Críticas AdoroCinema
4,5
Ótimo
Ferrugem

Um vilão de nosso tempo

por Taiani Mendes

Um otimista, Marshall McLuhan teorizava nos anos 1960 sobre os meios tecnológicos como extensões do corpo humano, capazes de ampliar suas capacidades e performances. Na abertura de Ferrugem, filme de Aly Muritiba, não escapa aos olhos que ele estava correto em seus prognósticos.

Visitando um aquário, celulares em punho, adolescentes tiram selfies, fotos, compartilham, curtem, deixando em último na lista de prioridades a apreciação através diretamente dos olhos do ser fantástico que está à sua frente e obrigando o professor a fazer o famoso papel de velho, chamando a atenção para a vida fora da tela. Ela existe e Tati (Tiffanny Dopke) é lembrada disso de maneira terrível na primeira parte do drama, dedicada à sua história.

Seduzir, em 2018, além (ou como alternativa) de fazer a pessoa se interessar por você em carne e osso, envolve a conquista pela imagem virtual, e assim a jovem permite que o crush Renet (Giovanni de Lorenzi) fuxique a galeria de seu celular. Match garantido e logo interrompido pelo desaparecimento do aparelho, situação chata que culmina na divulgação de um vídeo íntimo da garota no grupo da escola. Tati não apenas perde uma parte de seu corpo (o smartphone), mas tem o resto dele exposto em praça pública ao linchamento. Não estava explícito no pensamento de McLuhan que as capacidades nocivas também seriam potencializadas, mas não restam dúvidas.

A segunda parte do longa é sobre Renet e funciona como um diagnóstico, uma investigação das origens do que foi apresentado na primeira. O barulhento ambiente da escola é trocado por uma serena casa de praia, os pais nunca vistos de Tati dão lugar a adultos presentes e a ideia é quase de oposição completa, salvo a manutenção do celular enquanto amigo inseparável do adolescente.

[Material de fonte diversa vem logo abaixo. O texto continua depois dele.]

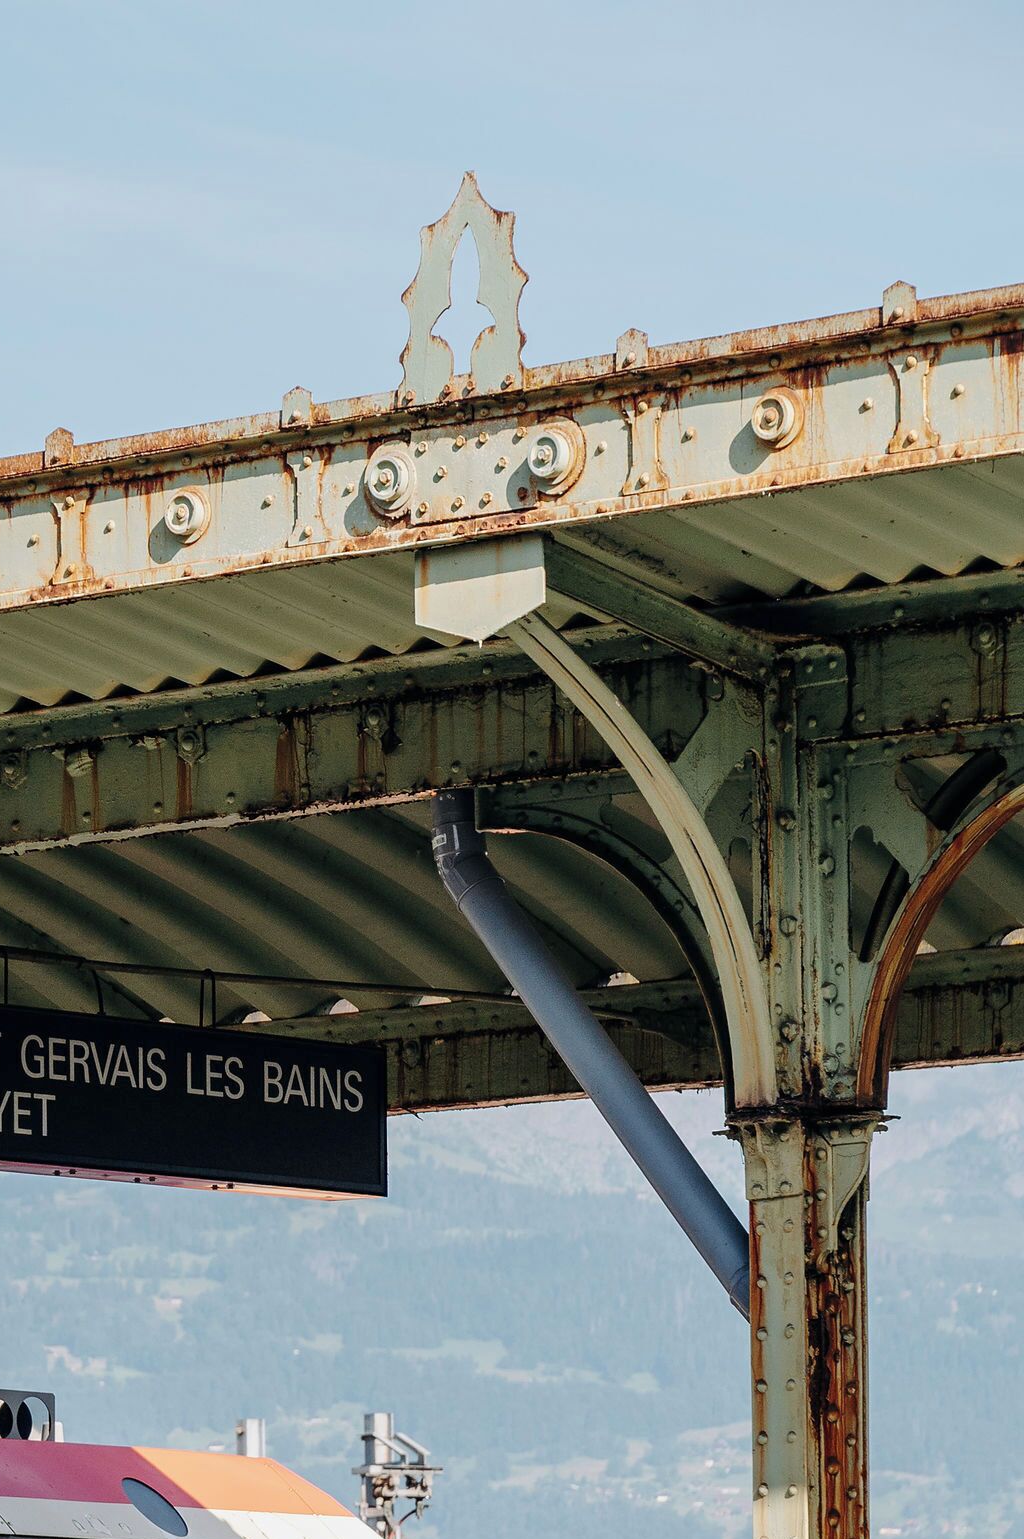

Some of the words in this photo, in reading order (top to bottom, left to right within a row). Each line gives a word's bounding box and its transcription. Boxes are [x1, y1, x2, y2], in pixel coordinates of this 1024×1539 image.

[20, 1034, 168, 1092] GERVAIS
[186, 1052, 245, 1100] LES
[263, 1060, 364, 1113] BAINS

Caladão e apelidado de “Autista”, Renet tem como parceiro o primo Normal (Pedro Inoue), não dialoga com a irmã e foge da mãe. Presente desde o início, a misoginia mostra sua face desmascarada neste trecho, que versa sobre homens que se impõem desafios que são incapazes de cumprir, covardes, perdidos, protetores dos seus e acostumados a resolver na agressão. Estão na época dos obsessivos compartilhamentos de vídeos de sexo e morte via WhatsApp, mas ao mesmo tempo parece que não. Esses gostos não são de hoje, de qualquer forma, só os meios de difusão mudaram, ampliando o alcance e sua velocidade.

Apesar de tudo, Renet, rapaz de nome unissex, ainda tenta fugir à norma. Cabisbaixo e isolado como Tati, unidos pelo desejo, pela vergonha, pela culpa, pela incomunicabilidade e as mensagens nunca respondidas. Surge então a necessidade do contato à moda antiga, mas as extensões ainda serão removíveis? Ainda dá tempo de mudar? Ainda existe o que consertar?

Os adultos, que têm no cigarro o vício, também fazem parte do debate sobre a crise da comunicação e a masculinidade tóxica, e Enrique DiazClarissa Kiste brilham numa longa sequência de carro que representa um dos grandes momentos do filme. Não está somente na habilidade de colocar tecnologia, memes e redes sociais de forma fluida na narrativa a força do cinema de Aly. Trata-se do encontro/confronto de dois mundos, como os dois estilos que marcam os capítulos desta pungente obra que observa a dissolução das fronteiras da realidade com a virtualidade. Ficamos mais insensíveis e vulneráveis.

Filme visto no 46º Festival de Gramado, em agosto de 2018.